╭─ RECORD EXTRACTS

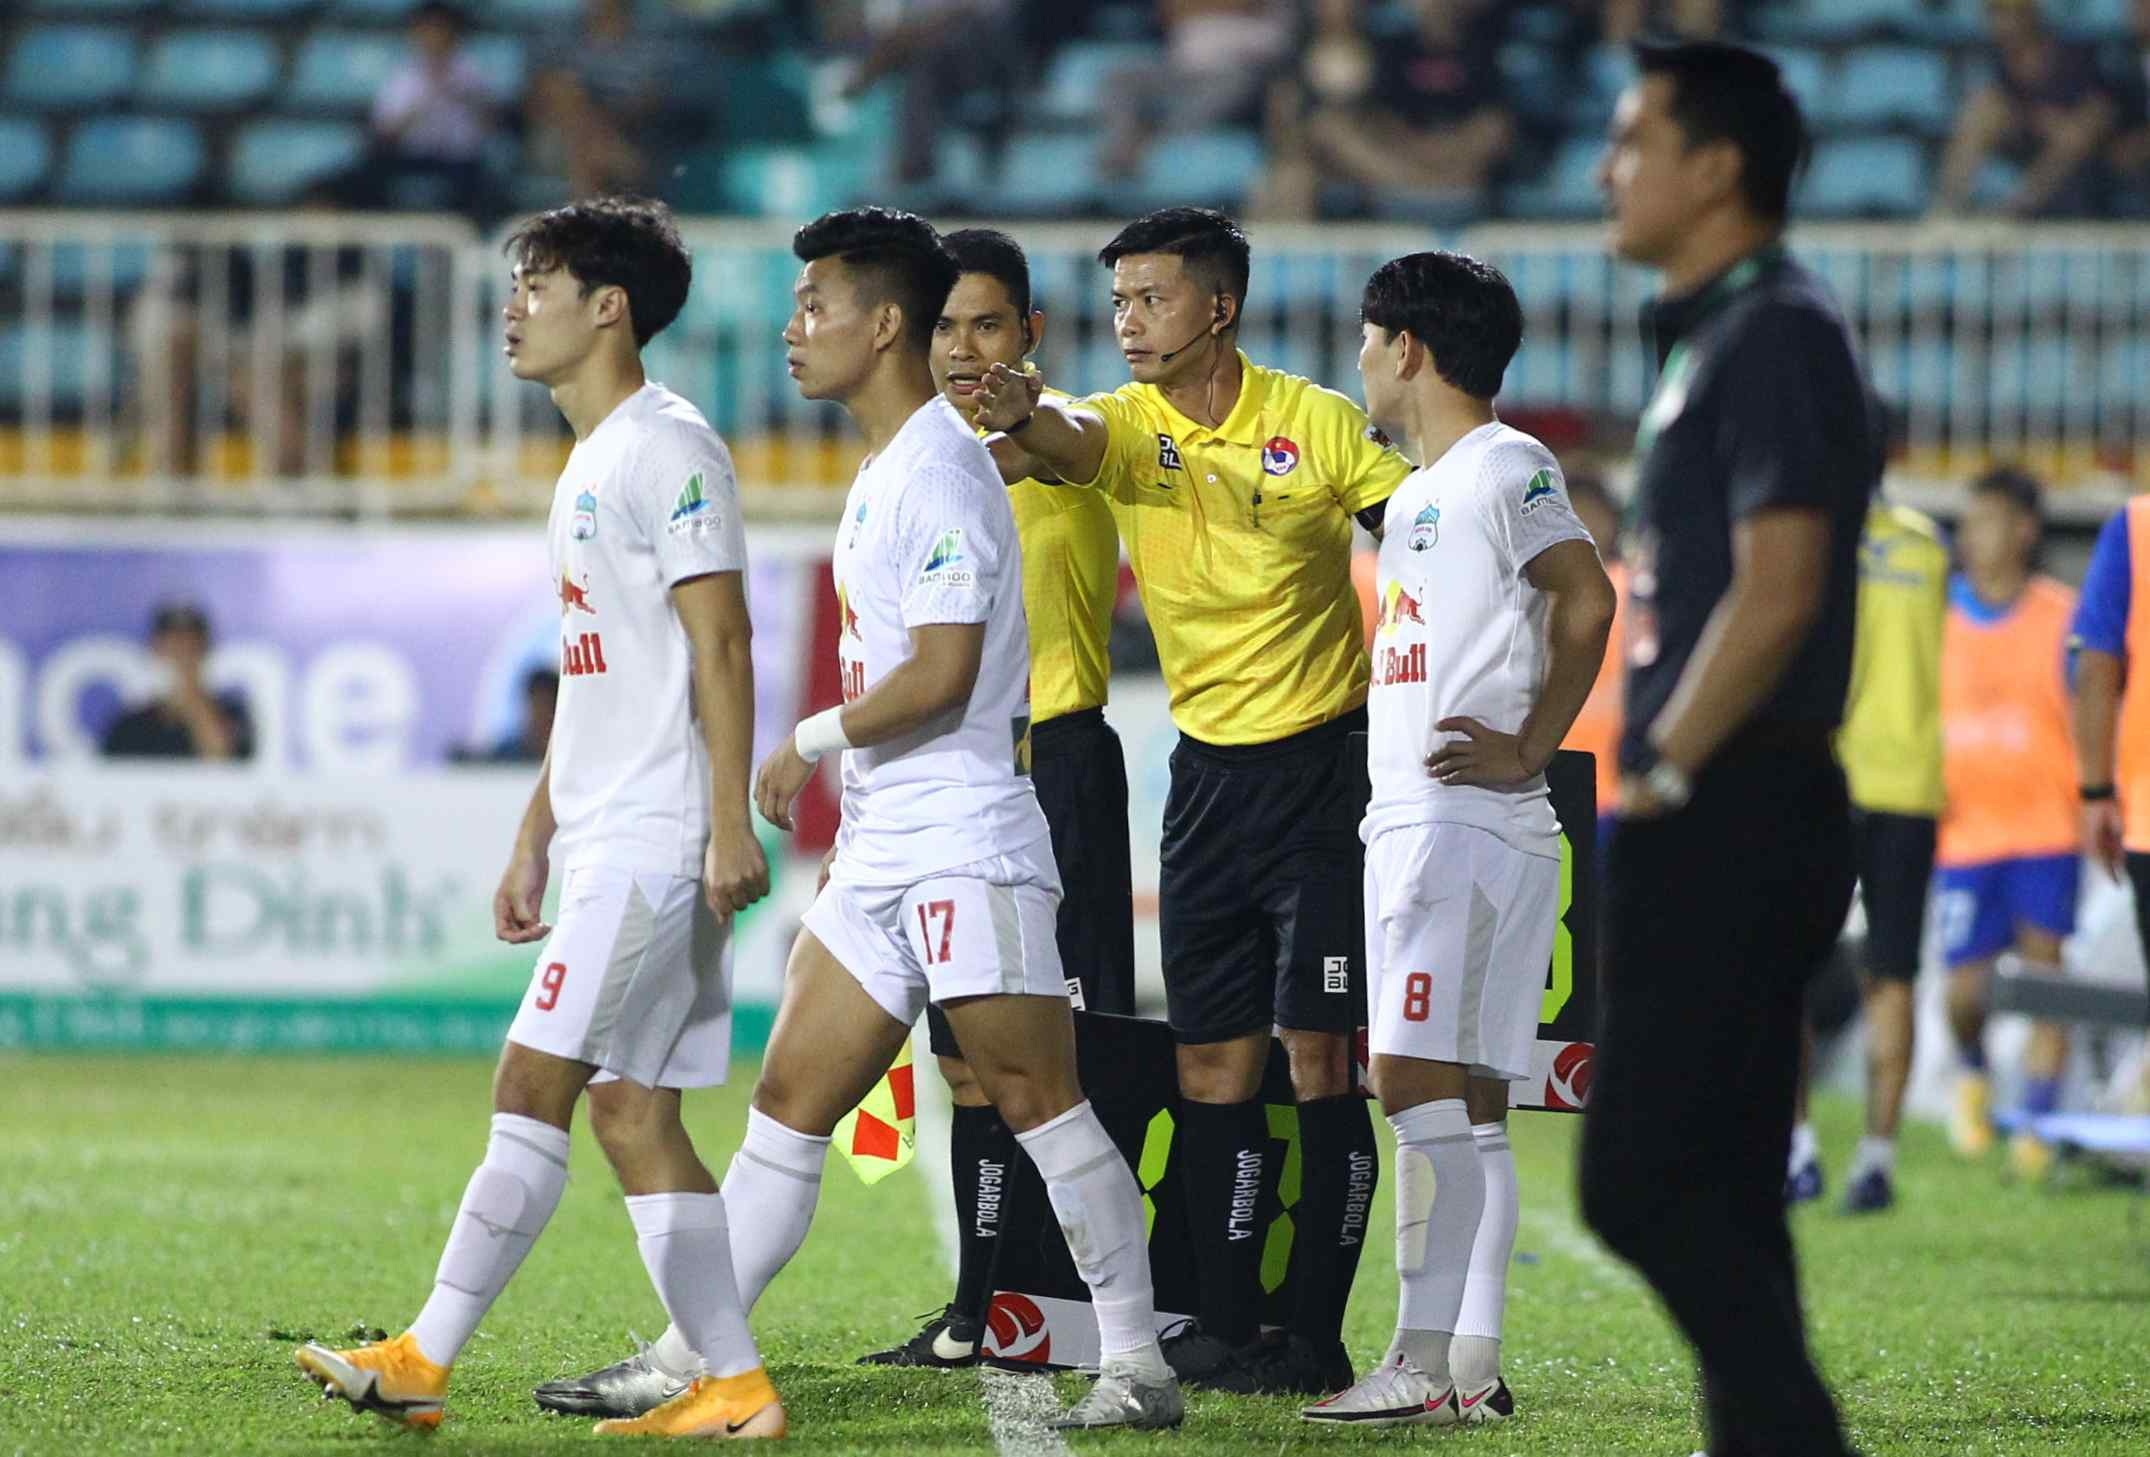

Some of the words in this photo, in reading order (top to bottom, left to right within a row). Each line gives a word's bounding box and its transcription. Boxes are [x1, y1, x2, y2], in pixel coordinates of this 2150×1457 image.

[917, 899, 955, 965] 17
[535, 962, 567, 1011] 9
[1403, 972, 1433, 1022] 8
[976, 1159, 1005, 1237] JOGARBOLA
[1228, 1149, 1263, 1241] JOGARBOLA
[1339, 1151, 1372, 1247] JOGARBOLA
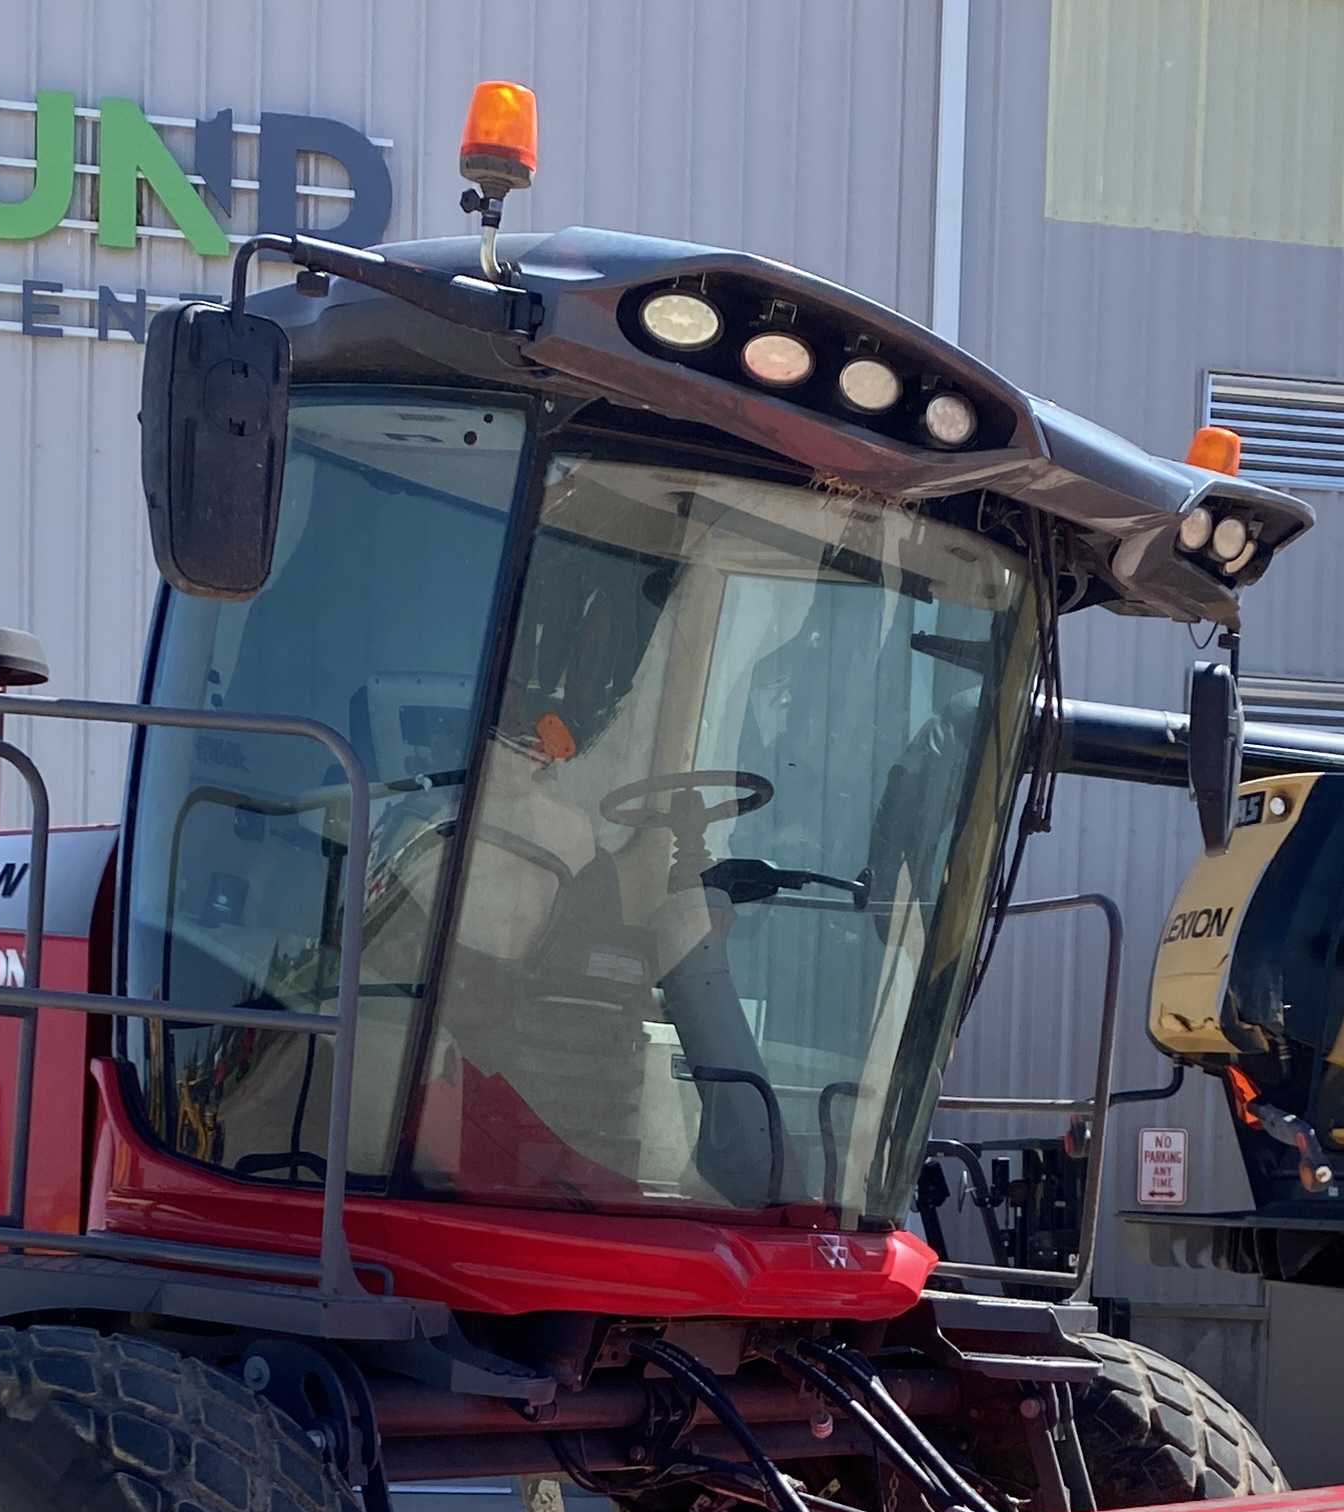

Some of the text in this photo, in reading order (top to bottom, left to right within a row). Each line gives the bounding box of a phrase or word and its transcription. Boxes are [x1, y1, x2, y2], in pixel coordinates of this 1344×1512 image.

[1155, 1135, 1172, 1149] NO
[1144, 1150, 1183, 1164] PARKING
[1153, 1166, 1173, 1177] ANY
[1152, 1177, 1174, 1188] TIME

╰─

EXERCISE AIM
Using the records above, write out exactly the lines from the one containing "Some of the text" through the last, and add nothing.

WRITTEN SOLUTION
Some of the text in this photo, in reading order (top to bottom, left to right within a row). Each line gives the bounding box of a phrase or word and its transcription. Boxes are [x1, y1, x2, y2], in pixel coordinates of this 1344×1512 image.

[1155, 1135, 1172, 1149] NO
[1144, 1150, 1183, 1164] PARKING
[1153, 1166, 1173, 1177] ANY
[1152, 1177, 1174, 1188] TIME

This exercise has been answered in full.